“Possum Dreams” doesn’t hide a thing in None Too Fragile’s production – Knight Foundation
Arts

“Possum Dreams” doesn’t hide a thing in None Too Fragile’s production

If you do a Google search, you can find out that if you see a possum in your dreams, it means that what seems apparent on the surface isn’t necessarily true, and that you need to dig beneath the surface to discover what is what. Maybe if you are from Virginia, like playwright Ed Falco, whose “Possum Dreams” is getting a world premiere at None Too Fragile theater, you would just know that.

Ed Falco, playwright. Photo from www.edfalco.us

Falco seemed to, for his rich but dark dark comedy has characters who don’t just look into secret (and maybe sacred, personal and spiritual) matters but who claw at one another to ferret out every emotion, every nuance of feeling and pain, and any unspoken subtlety of gesture.

Walter Landing (played by Andrew Narten) and Jan Landing (Leighann Niles DeLorenzo) know each other’s buttons, and they push them with deliberation and a fierce yearning to get at – and to – one another.

Walter has a secret. He has fallen for, and had sex with, a transsexual (male to female). It takes Jan a while, but she probes and jabs until she gets to all the dimensions of his affair (how many times, where, how he felt each time, and on and on).

Jan has her own. She thinks her husband (who has a bestselling book) is a hack and wouldn’t have had any notice at all if it weren’t for her strong editorial hand and her covering up. Walter finally gets to her by play’s end too.

These characters don’t seem to like one another. Not one bit. And by play’s end there is no sense of a kind of weird bonding that, despite it all, shows that they mean to stay together and somehow thrive. That makes this play different from Edward Albee’s “Who’s Afraid of Virginia Woolf” – which this story resembles in some ways. In that work, characters George and Martha went after each other one drunken evening – as Walter and Jan do – and tear down walls, mostly over the loss (real or not) of a young son. Their protection of each other’s secret makes their humanity and strange union shine forth.

In Falco’s work, the characters at play’s end only seem joined by a fundamental fear of life and living, and that has them clutching each other after their drunken night of emotional warfare as their children are coming home – no doubt to see a dead possum stuck to the wall and the house in major disorder.

Through all their outrageous – and hysterically funny – exposés and spiritual torture of each other, the revelation of sex toys and kinky sexual urges, and their weariness of each other, they seem to be a couple of mean-spirited people. And who wants that?

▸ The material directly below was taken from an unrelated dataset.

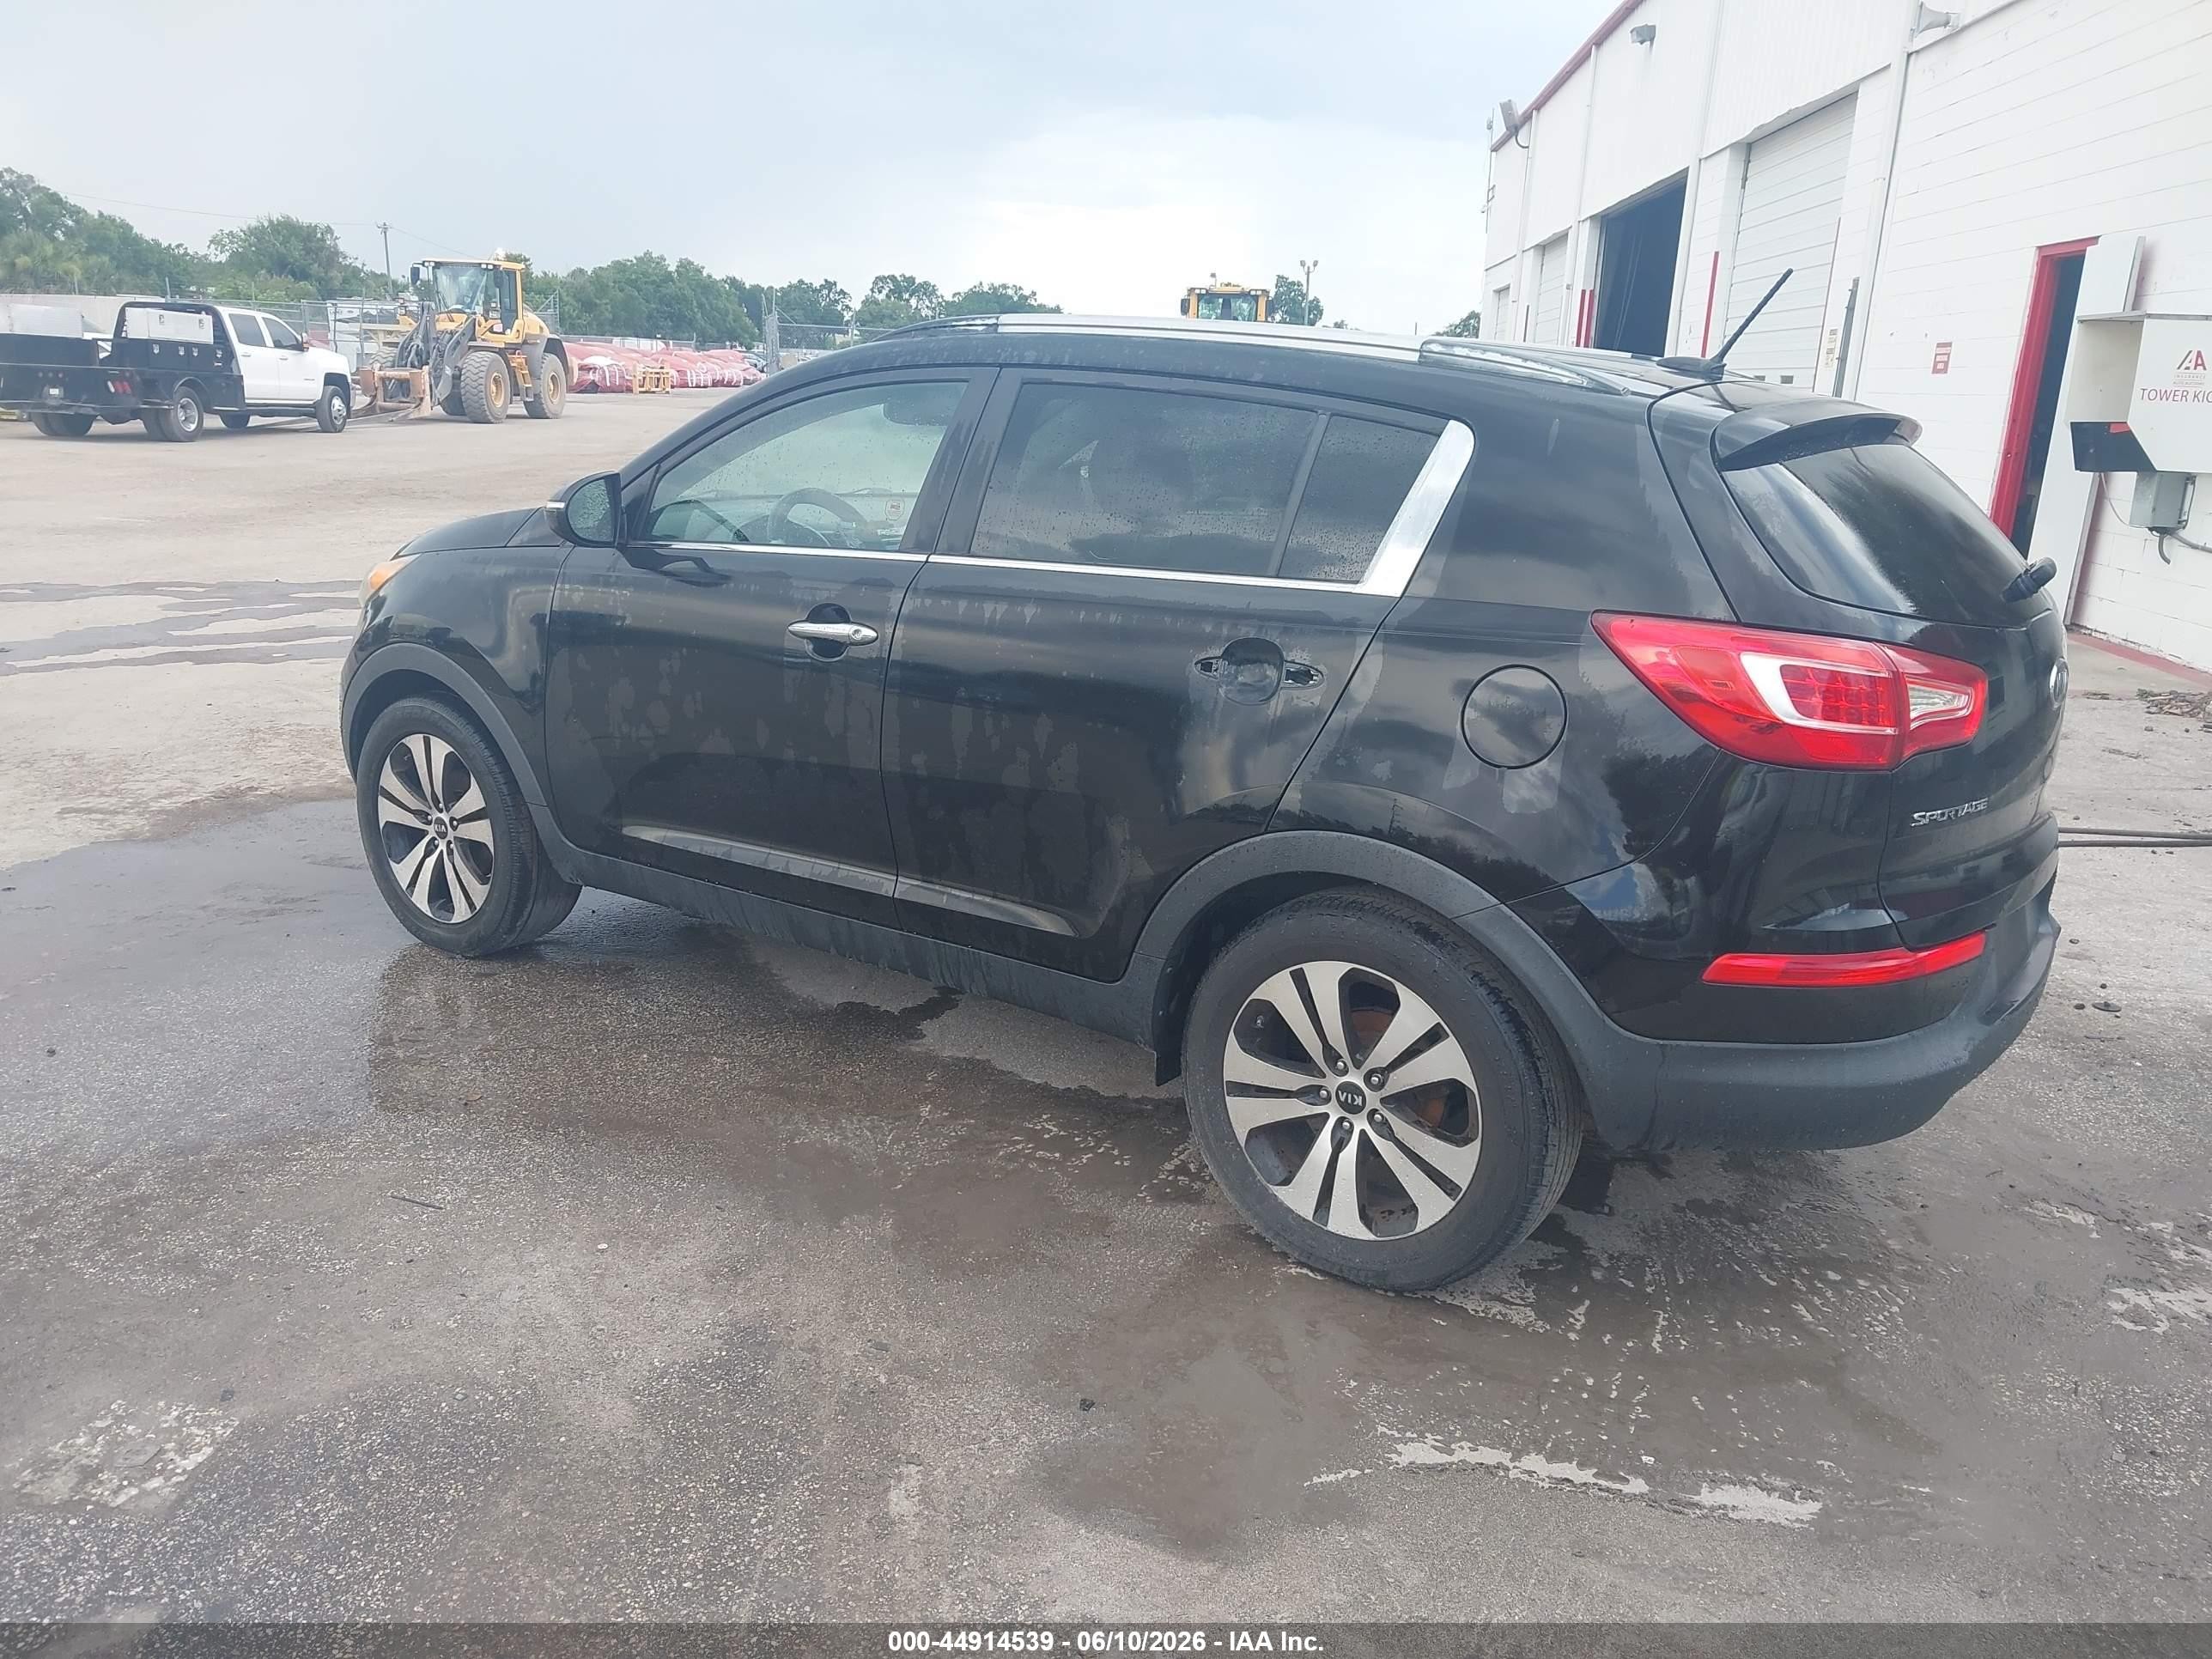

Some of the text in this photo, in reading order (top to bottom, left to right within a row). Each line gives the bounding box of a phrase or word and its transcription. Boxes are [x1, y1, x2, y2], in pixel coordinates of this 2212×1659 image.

[2140, 388, 2189, 403] TOWER
[1909, 797, 1989, 827] SPORTAGE
[434, 823, 447, 833] KIA
[1338, 1090, 1363, 1107] KIA

For all the emotional carnage, it is hard to figure out why a viewer could care about these characters one bit. But somehow we do, and that is because of the fabulous acting of Narten and DeLorenzo. Pick a technique – gesture, facial expression, dramatic pause, cadence of speech and range of tone – and they demonstrate it.

Leighann Niles DeLorenzo and Andrew Narten, in "Possum Dreams." Photo courtesy of None Too Fragile

Leighann Niles DeLorenzo and Andrew Narten, in “Possum Dreams.” Photo courtesy of None Too Fragile

By play’s end, you know they are just people – screwed up as they may be – but human nonetheless and not monsters. Falco doesn’t seem to go for any comfortable resolution for them – or for us. What we get left with is a fundamental loneliness; that we are really in the midst of life all alone, even when we try to share it with someone else. Our experiences – and all the other weird urges – are our own. Falco seems to say that what we want is understanding if someone gets under the surface and sees the range of what makes us what.

Kudos to None Too Fragile for sticking to its edginess and bringing contemporary drama to the stage. Co-founder Sean Derry (who did a wonderful job bringing this new work to life) commented that the theater wants to bring “stories that need to be told.” This is one of them, and it is well worth seeing.

The world premiere of Ed Falco’s “Possum Dreams” is taking place at None Too Fragile, 1841 Merriman Rd., Akron; 330-671-5463; www.nonetoofragile.com. Performances run through June 28, at 7:30 p.m. on Sunday, Monday and Thursday; 8 p.m. Friday and Saturday; and 2 p.m. on Sunday. Tickets are $20 (or pay what you will).